Performance

The show is terrific. The performers are on it and the Director has done a huge amount of work.

It’s amazing what they put together in four weeks of rehearsal.

I had no idea how funny the play was. I sent them a script that had some jokes here and there, but they’ve transformed it into a comedy and, not surprisingly, it’s a thousand times better than what I wrote.

The audience loves it. Keeley loves it. I love it.

I’m really quite lucky.

At intermission I prowl around the lobby (quite inconspicuous in my black suit, thank you very much) and eavesdrop on conversations. No one’s talking about the show, near as I can tell. But most of them head back in for the second round.

Ah. This is a lot easier than I thought. The performers are working their hearts out and making me look far better than I deserve.
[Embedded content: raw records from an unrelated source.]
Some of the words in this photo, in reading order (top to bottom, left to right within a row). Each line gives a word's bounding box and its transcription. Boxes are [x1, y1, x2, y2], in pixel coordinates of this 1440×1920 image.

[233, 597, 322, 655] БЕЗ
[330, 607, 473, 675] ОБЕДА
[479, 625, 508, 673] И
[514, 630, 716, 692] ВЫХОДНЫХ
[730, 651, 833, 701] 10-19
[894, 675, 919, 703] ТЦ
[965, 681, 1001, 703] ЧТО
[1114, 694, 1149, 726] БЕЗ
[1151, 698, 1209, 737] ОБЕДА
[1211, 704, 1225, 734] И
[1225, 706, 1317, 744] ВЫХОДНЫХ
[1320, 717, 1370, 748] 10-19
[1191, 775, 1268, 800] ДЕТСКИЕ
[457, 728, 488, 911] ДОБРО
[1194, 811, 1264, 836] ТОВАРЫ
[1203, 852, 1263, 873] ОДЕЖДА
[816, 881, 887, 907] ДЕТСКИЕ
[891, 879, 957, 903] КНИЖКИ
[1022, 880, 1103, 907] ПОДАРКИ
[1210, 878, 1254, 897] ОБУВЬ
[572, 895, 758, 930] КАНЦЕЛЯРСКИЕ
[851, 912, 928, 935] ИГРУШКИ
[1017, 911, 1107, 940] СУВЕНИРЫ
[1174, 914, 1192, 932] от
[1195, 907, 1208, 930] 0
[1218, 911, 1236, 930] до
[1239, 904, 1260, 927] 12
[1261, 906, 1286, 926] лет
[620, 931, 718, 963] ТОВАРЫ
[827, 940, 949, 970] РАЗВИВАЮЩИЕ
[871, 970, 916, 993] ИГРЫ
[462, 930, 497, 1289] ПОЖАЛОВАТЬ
The Direction is a huge and incredibly pleasant surprise, Bob found so much in such a short amount of time.

I wrote one sentence: “The sailors silently plot to kill the cyclops.”
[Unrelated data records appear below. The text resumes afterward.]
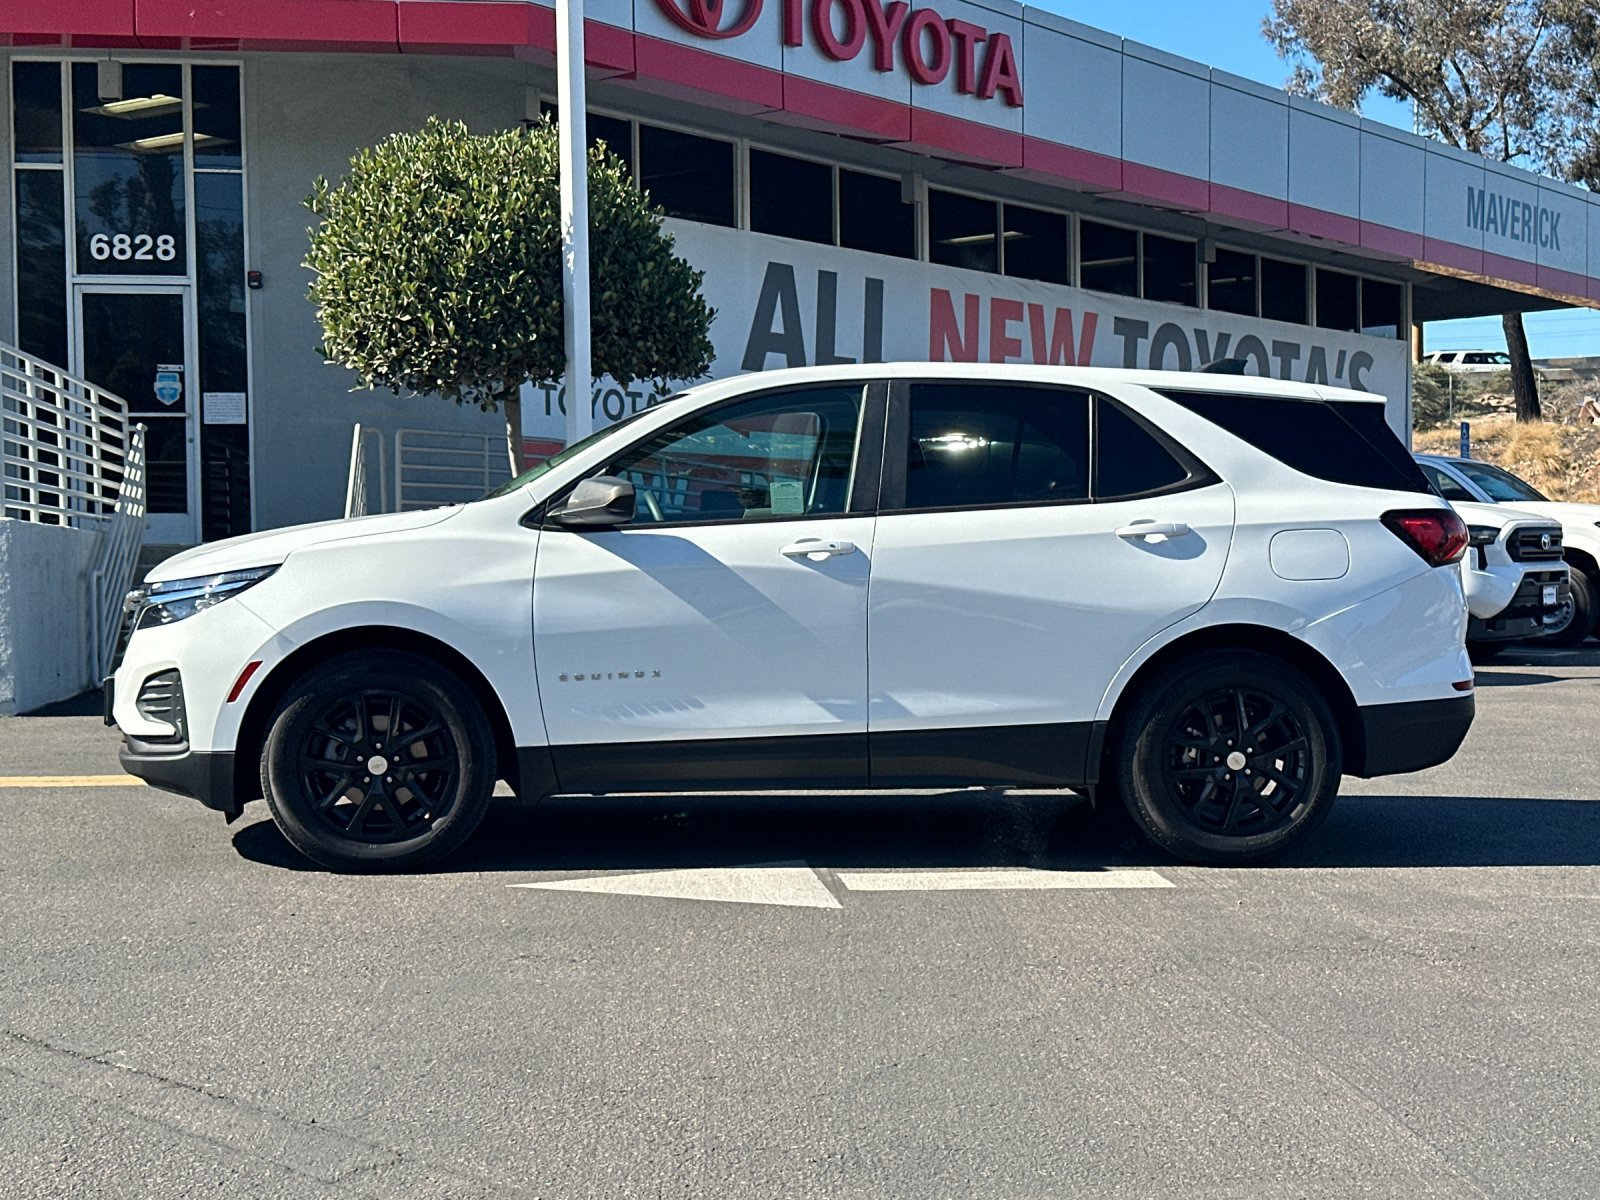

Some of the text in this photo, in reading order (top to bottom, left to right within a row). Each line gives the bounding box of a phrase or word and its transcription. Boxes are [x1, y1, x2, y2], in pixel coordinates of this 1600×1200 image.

[1466, 186, 1560, 251] MAVERICK
[90, 233, 176, 261] 6828
[741, 261, 888, 372] ALL
[929, 287, 1099, 366] NEW
[559, 669, 661, 682] EQUINOX
Bob directs (and the actors perform) a ten minute sequence straight out of a silent movie, so funny in so many different ways that my stomach hurts from holding the laughter in (I realize, afterwards, that I was afraid of waking the monster, just like the sailors).

And it isn’t everyone who can take something like a giant teddy bear (which I thought was a kind of funny little detail in the script) and turn it into a one of the funniest things I have ever seen on stage.
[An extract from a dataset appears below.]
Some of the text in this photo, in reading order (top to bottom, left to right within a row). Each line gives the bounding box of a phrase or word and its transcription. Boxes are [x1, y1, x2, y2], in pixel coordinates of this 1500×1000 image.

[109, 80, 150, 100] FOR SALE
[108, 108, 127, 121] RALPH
The show is terrific. The ending moves me more than I realize. I didn’t for a second imagine that so much of my personal life had ended up in the script. It’s all jumbled together, messy and noisy and hurting — just like the past year or so of my life — but it’s there and it hurts a little to watch.

But it’s a good show. The performers do a great job with it and it’s obvious that they had a terrific Director with vision.

Everyone stands up and yells at the end.

Again, lucky lucky lucky me.

From the stage, the performers gesture to the booth . . . and then to me.

My cover is blown but that was going to happen soon enough. The audience has been invited to stick around for a talkback with the Director and myself.

Two hundred people, free to ask questions…

No problem.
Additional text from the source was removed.